*What to work on:* Leave out the pictures and retype all the entries below exactly.

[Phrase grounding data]
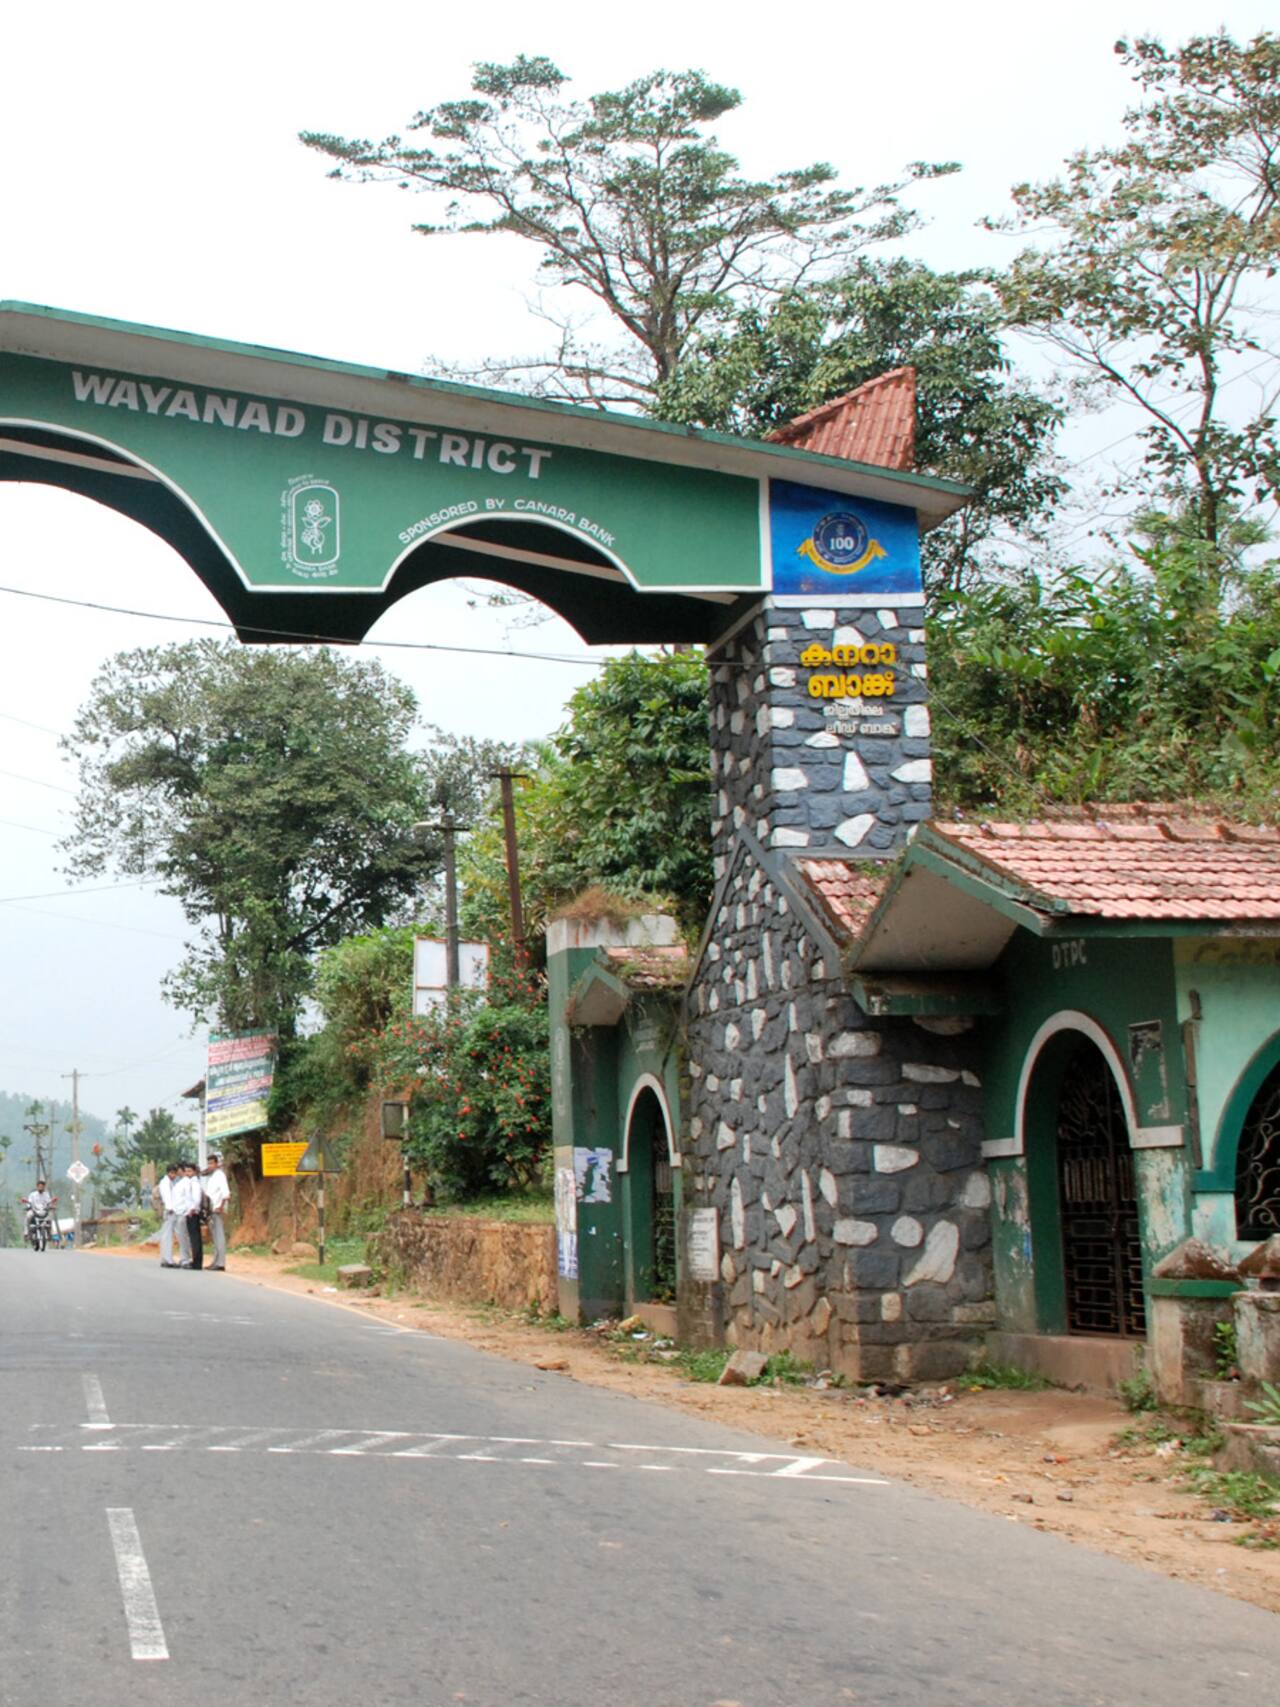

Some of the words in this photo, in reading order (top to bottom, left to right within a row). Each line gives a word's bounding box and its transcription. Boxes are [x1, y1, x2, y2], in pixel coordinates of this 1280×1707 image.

[72, 371, 307, 438] WAYANAD
[322, 414, 553, 479] DISTRICT
[398, 501, 478, 544] SPONSORED
[485, 498, 505, 509] BY
[514, 499, 576, 524] CANARA
[577, 517, 616, 547] BANK
[829, 536, 855, 550] 100
[800, 643, 896, 667] കനറാ

*Response:*
Some of the words in this photo, in reading order (top to bottom, left to right within a row). Each line gives a word's bounding box and its transcription. Boxes are [x1, y1, x2, y2], in pixel coordinates of this 1280×1707 image.

[72, 371, 307, 438] WAYANAD
[322, 414, 553, 479] DISTRICT
[398, 501, 478, 544] SPONSORED
[485, 498, 505, 509] BY
[514, 499, 576, 524] CANARA
[577, 517, 616, 547] BANK
[829, 536, 855, 550] 100
[800, 643, 896, 667] കനറാ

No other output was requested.